An investigation is underway in Spain over the suspected embezzlement of €1.8 billion of funds from the European Union.
Anti-corruption detectives in Andalusia believe they are investigating the country’s largest fraud ever uncovered.
Local officials are suspected of having siphoned off the money from funds granted for retraining programmes to help the unemployed, which is running at 36%.
The secret police investigation, codenamed Operation Edu, is in its preliminary stages and has not yet been filed with an investigating judge.
Investigators fear that regional governors, trade unions leaders and employers’ associations colluded to receive EU and government subsidies to conduct back-to-work training sessions that never took place.
Andalusia received € 2.3 billion from the European Social Fund in training grants between 2007 and 2013 and the central government contributed a further €710 million.
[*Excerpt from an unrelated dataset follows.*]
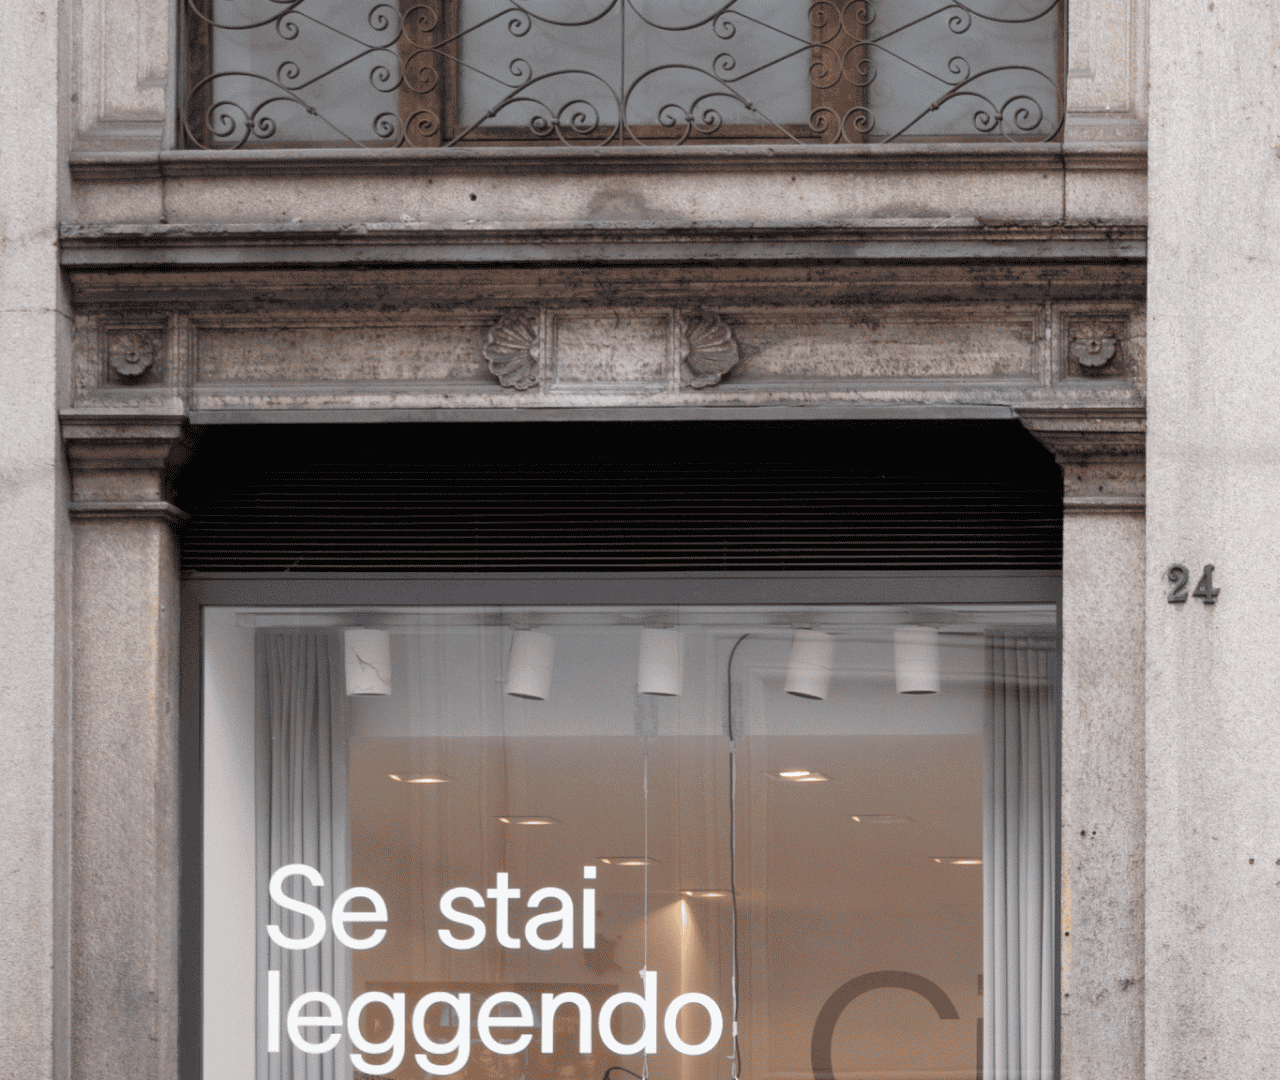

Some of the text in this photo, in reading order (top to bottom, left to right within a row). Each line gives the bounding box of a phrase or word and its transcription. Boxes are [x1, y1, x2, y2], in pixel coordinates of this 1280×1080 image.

[1167, 563, 1221, 605] 24
[267, 864, 596, 950] Se stai
[268, 970, 723, 1076] leggendo
Some of the companies which received the grants actually closed down before any training had been given. Initial investigations have already discovered irregularities in 15 of the 20 companies that received unemployment training grants within the Malaga region during 2010.
Specialist investigators suspect that hundreds of millions went instead into the bank accounts of those involved in the alleged fraud.
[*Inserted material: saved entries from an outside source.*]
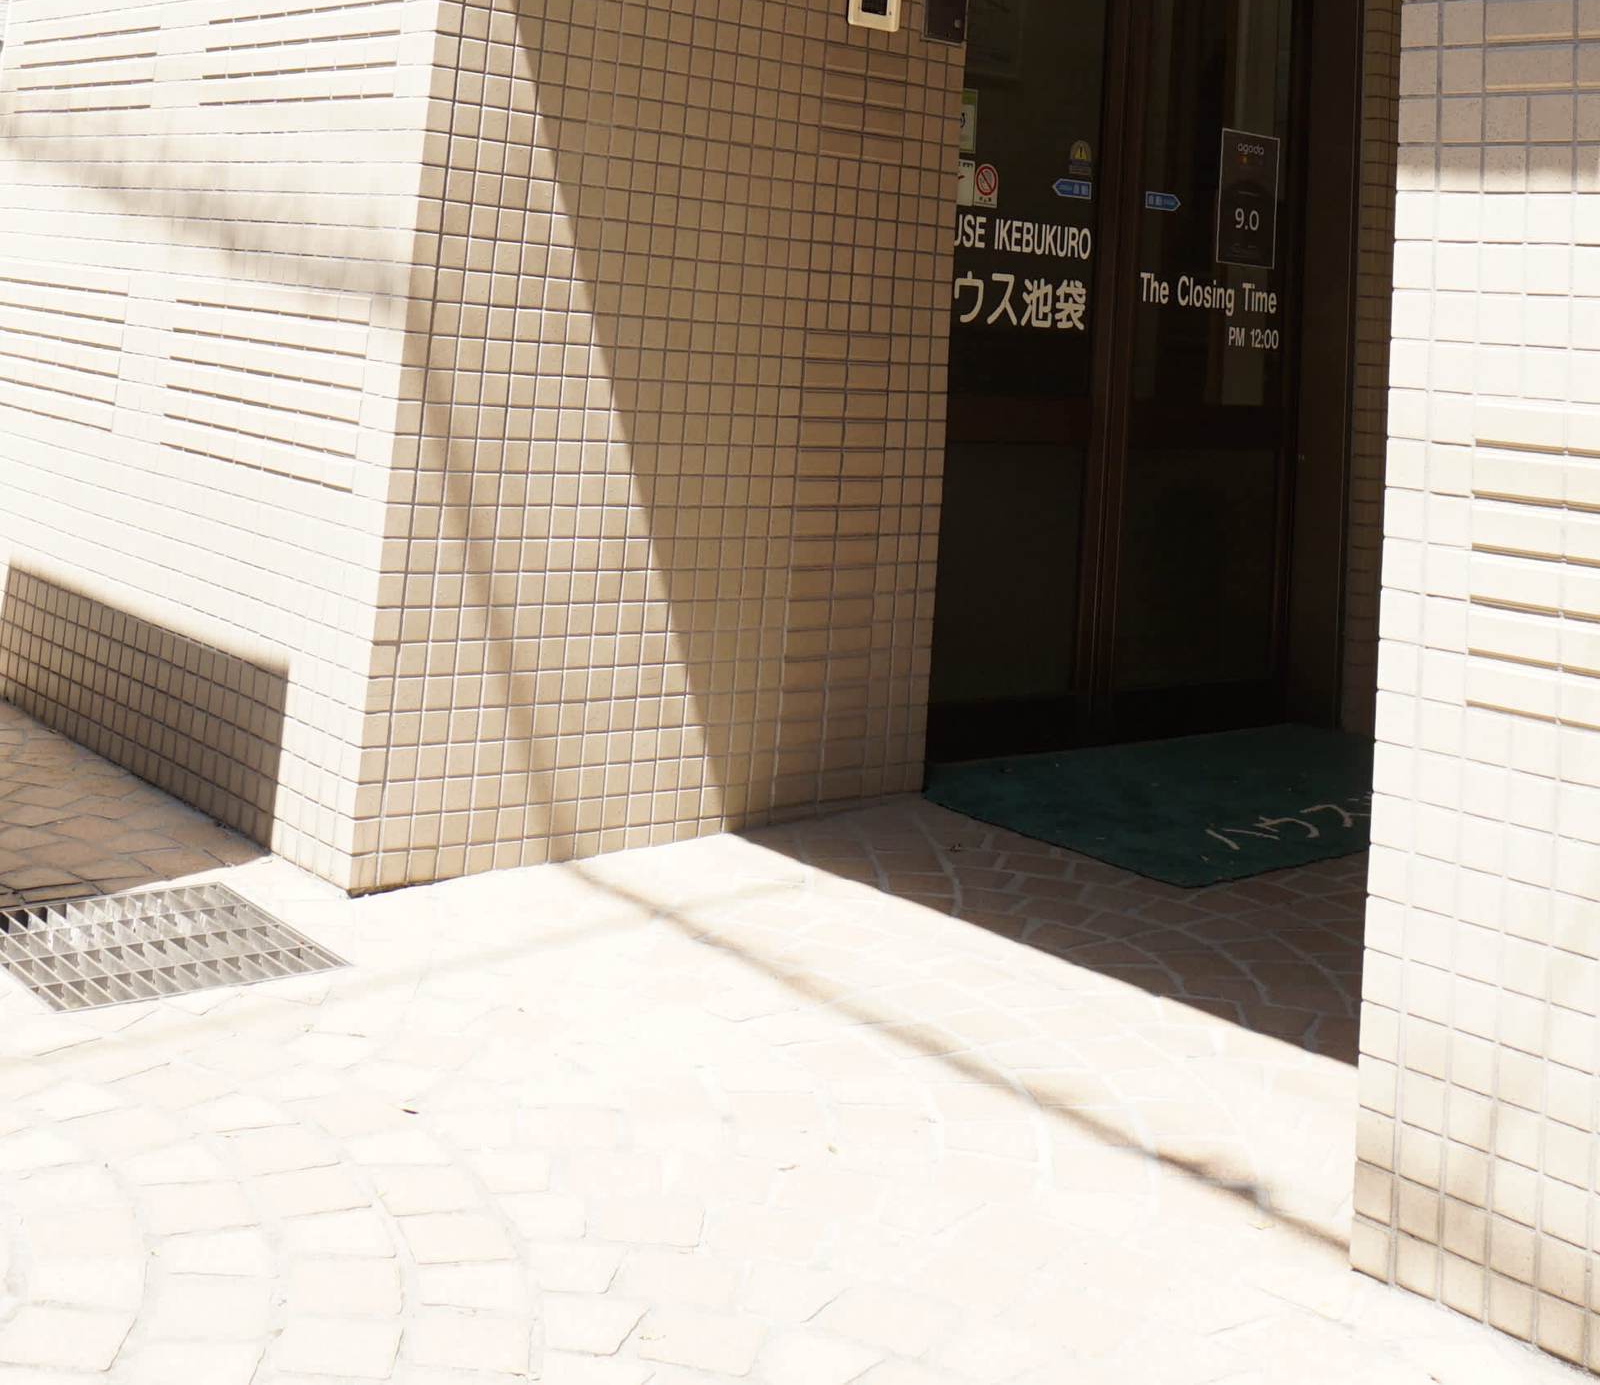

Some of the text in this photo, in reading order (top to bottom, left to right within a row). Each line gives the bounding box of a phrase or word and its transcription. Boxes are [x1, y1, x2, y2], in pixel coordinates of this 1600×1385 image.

[1237, 143, 1264, 156] agoda
[1235, 208, 1260, 231] 9.0
[994, 218, 1092, 260] IKEBUKURO
[953, 270, 1087, 331] ウス池袋
[1140, 271, 1277, 317] The Closing Time
[1228, 326, 1280, 350] PM 12:00
The probe has also revealed a shortfall between the funds given for training purposes and the amount distributed by Andalusia regional authorities.
Financial records reportedly show that in some cases 75% of the grants were given upfront and the remaining 25% failed to be distributed by the Andalusian state authorities or returned to the institutions which provided it.
“At least 500 million has disappeared into thin air,” reported news website El Confidential.